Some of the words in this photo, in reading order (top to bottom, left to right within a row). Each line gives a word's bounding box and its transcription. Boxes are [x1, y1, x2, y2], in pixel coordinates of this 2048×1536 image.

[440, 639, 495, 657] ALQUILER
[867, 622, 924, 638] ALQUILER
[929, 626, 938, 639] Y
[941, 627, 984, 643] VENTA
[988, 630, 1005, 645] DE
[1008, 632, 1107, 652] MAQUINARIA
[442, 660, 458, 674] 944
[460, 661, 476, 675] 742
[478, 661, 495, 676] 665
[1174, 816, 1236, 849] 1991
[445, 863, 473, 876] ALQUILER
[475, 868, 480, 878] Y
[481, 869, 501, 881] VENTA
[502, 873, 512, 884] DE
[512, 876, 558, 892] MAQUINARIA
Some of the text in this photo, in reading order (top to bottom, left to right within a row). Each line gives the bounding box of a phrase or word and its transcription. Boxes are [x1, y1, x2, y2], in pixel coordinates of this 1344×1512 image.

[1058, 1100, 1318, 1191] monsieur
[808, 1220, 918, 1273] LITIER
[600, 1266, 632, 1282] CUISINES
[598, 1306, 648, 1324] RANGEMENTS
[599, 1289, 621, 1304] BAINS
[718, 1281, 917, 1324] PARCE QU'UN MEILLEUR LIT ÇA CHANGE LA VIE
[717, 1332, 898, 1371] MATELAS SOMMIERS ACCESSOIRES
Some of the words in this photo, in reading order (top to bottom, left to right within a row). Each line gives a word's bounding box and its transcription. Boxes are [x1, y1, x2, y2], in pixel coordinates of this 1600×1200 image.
======
> _What is required_
Using the listing above, print the line containing "Some of the text" and every line after it exactly, up to and including the last.

> _Result of this task_
Some of the text in this photo, in reading order (top to bottom, left to right within a row). Each line gives the bounding box of a phrase or word and its transcription. Boxes are [x1, y1, x2, y2], in pixel coordinates of this 1344×1512 image.

[1058, 1100, 1318, 1191] monsieur
[808, 1220, 918, 1273] LITIER
[600, 1266, 632, 1282] CUISINES
[598, 1306, 648, 1324] RANGEMENTS
[599, 1289, 621, 1304] BAINS
[718, 1281, 917, 1324] PARCE QU'UN MEILLEUR LIT ÇA CHANGE LA VIE
[717, 1332, 898, 1371] MATELAS SOMMIERS ACCESSOIRES
Some of the words in this photo, in reading order (top to bottom, left to right within a row). Each line gives a word's bounding box and its transcription. Boxes are [x1, y1, x2, y2], in pixel coordinates of this 1600×1200 image.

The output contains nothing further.